Sacramental Shopping
Title | Sacramental Shopping PDF eBook |
Author | Sarah Way Sherman |
Publisher | University of New Hampshire Press |
Pages | 334 |
Release | 2013-10-01 |
Genre | Literary Criticism |
ISBN | 1611684129 |
Illuminates modern consumer culture and its challenges to American identity and values in two classic novels
False Starts
Title | False Starts PDF eBook |
Author | David M. Ball |
Publisher | Northwestern University Press |
Pages | 245 |
Release | 2015 |
Genre | History |
ISBN | 0810131137 |
From Herman Melville’s claim that “failure is the true test of greatness” to Henry Adams’s self-identification with the “mortifying failure in [his] long education” and William Faulkner’s eagerness to be judged by his “splendid failure to do the impossible,” the rhetoric of failure has served as a master trope of modernist American literary expression. David Ball’s magisterial study addresses the fundamental questions of language, meaning, and authority that run counter to well-rehearsed claims of American innocence and positivity, beginning with the American Renaissance and extending into modernist and contemporary literature. The rhetoric of failure was used at various times to engage artistic ambition, the arrival of advanced capitalism, and a rapidly changing culture, not to mention sheer exhaustion.
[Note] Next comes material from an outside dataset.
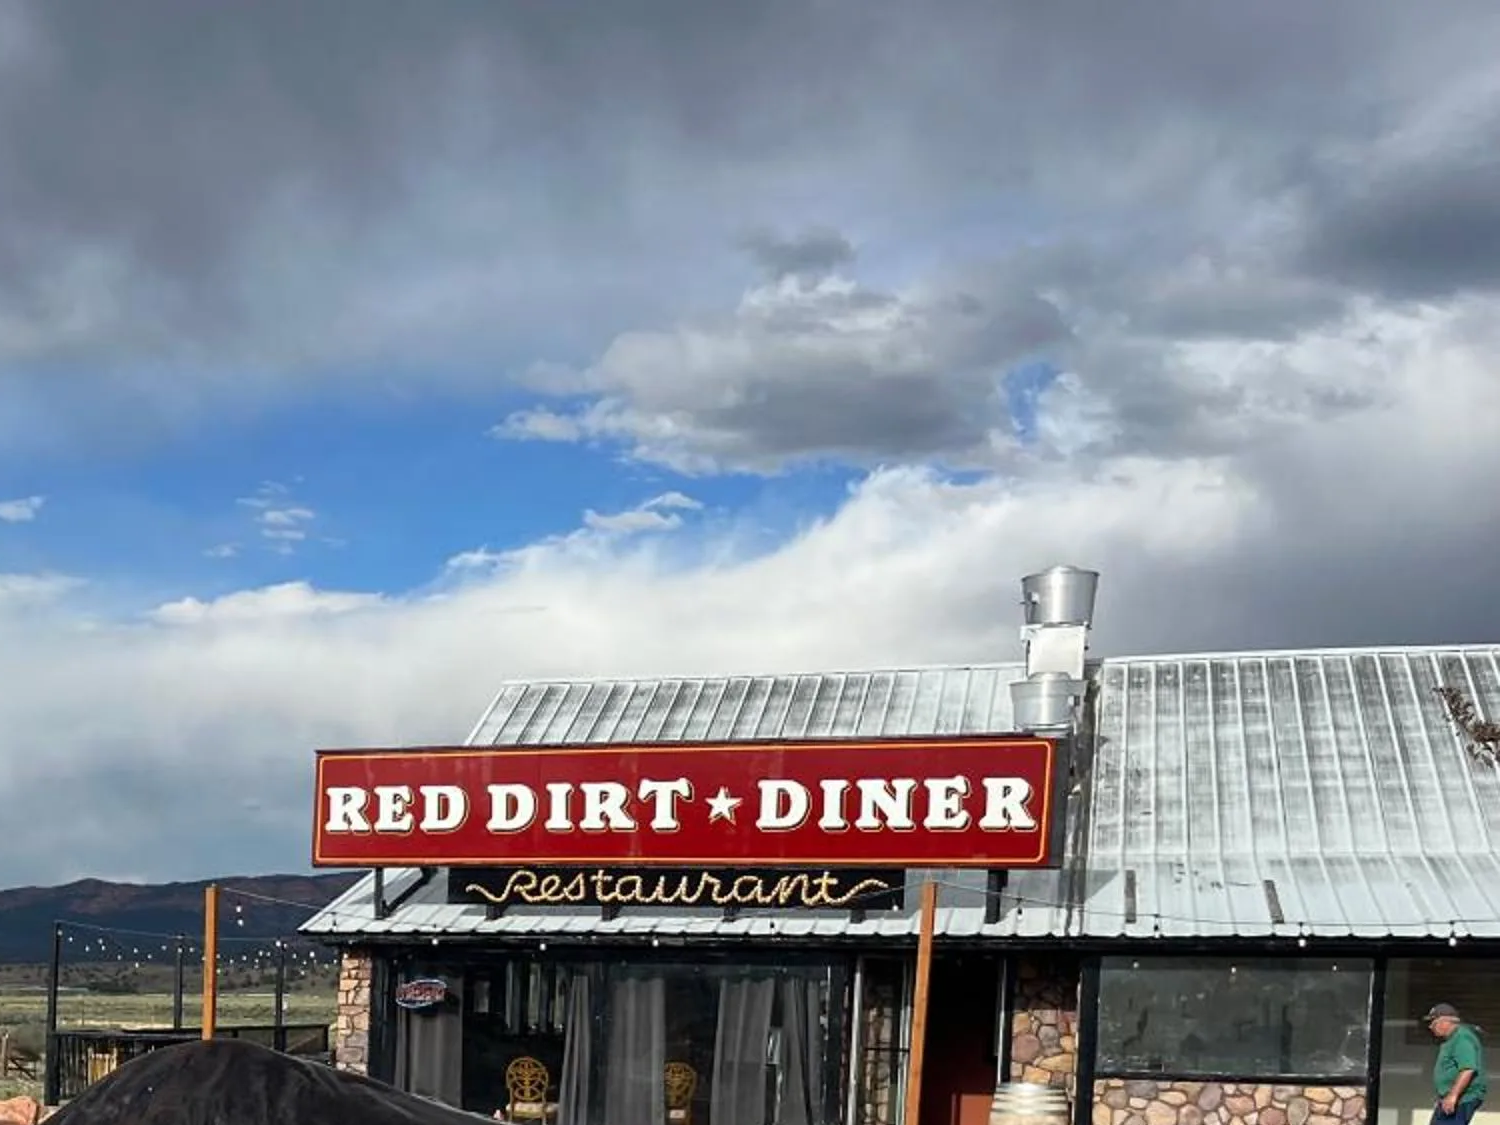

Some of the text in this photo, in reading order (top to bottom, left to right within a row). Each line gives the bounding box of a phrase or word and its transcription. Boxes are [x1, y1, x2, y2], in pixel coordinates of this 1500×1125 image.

False Starts locates a lively narrative running through American literature that consequently queries assumptions about the development of modernism in the United States.
Facing the Crises
Title | Facing the Crises PDF eBook |
Author | Ljubica Matek |
Publisher | Cambridge Scholars Publishing |
Pages | 220 |
Release | 2014-06-26 |
Genre | Literary Criticism |
ISBN | 1443862401 |
Owing to the diverse research interests of the contributors, this collection of essays offers a varied picture of the current approaches to Anglo-American literature and culture, and points to the need for a deeper understanding of current cultural, economic and social processes in the globalizing and globalized culture of the West. Because “crisis” seems to be the key word of contemporary Western culture, the first part of the book, titled “In the Face of Crises”, explores the implicit or explicit idea of a crisis between the real and the simulated, suggesting that one of the major issues for the contemporary man is how to deal with the virtual or with the “absence of the real”. Our fast-paced, technology-laden and materialist-oriented existence brings about the need to rethink our human identity, putting into perspective our relationship to technology, the impact of capitalist economy and colonial past, as well as consequences of constant warfare. The second part of the book, “New Perspectives on Literary Genres”, analyzes forms, topics and styles in literary texts belonging to specific, sometimes marginalized, genres. Literary analyses in this section also touch upon the idea of crisis: be it the crisis of understanding and redefining a particular genre, or a crisis that is inherent in the controversial topic or form of the text. As a reaction to recent allegations concerning the crisis of humanities as “non-profitable”, this book shows that humanist research is indispensable and crucial for understanding the human condition, making this book a relevant addition to the contemporary discussion of literature and culture.